TASK TO COMPLETE = Where an image appears, leave it out; otherwise repeat the data exactly.

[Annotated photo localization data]
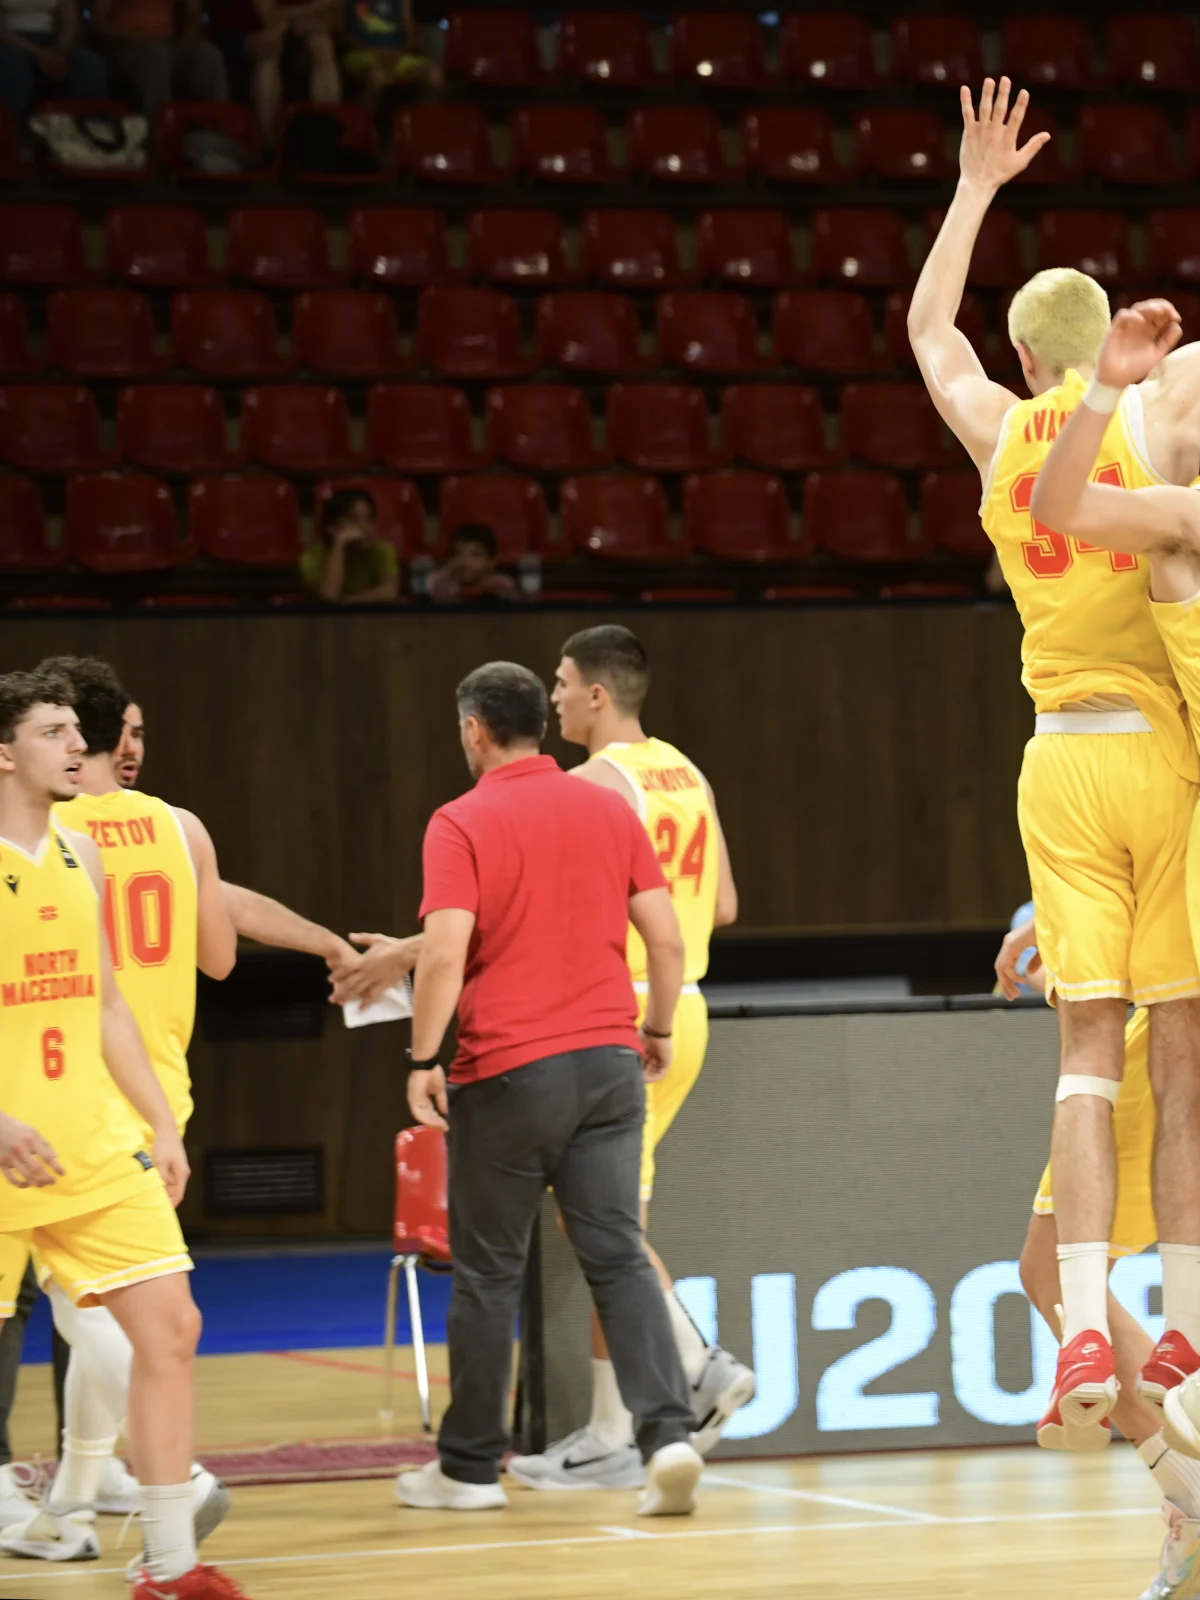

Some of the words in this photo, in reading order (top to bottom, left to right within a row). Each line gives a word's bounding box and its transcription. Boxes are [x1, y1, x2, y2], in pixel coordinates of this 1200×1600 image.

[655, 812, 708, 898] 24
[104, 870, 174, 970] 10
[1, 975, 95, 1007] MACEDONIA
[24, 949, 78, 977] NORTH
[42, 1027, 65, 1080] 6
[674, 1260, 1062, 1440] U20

SOLUTION TO THE EXERCISE =
Some of the words in this photo, in reading order (top to bottom, left to right within a row). Each line gives a word's bounding box and its transcription. Boxes are [x1, y1, x2, y2], in pixel coordinates of this 1200×1600 image.

[655, 812, 708, 898] 24
[104, 870, 174, 970] 10
[1, 975, 95, 1007] MACEDONIA
[24, 949, 78, 977] NORTH
[42, 1027, 65, 1080] 6
[674, 1260, 1062, 1440] U20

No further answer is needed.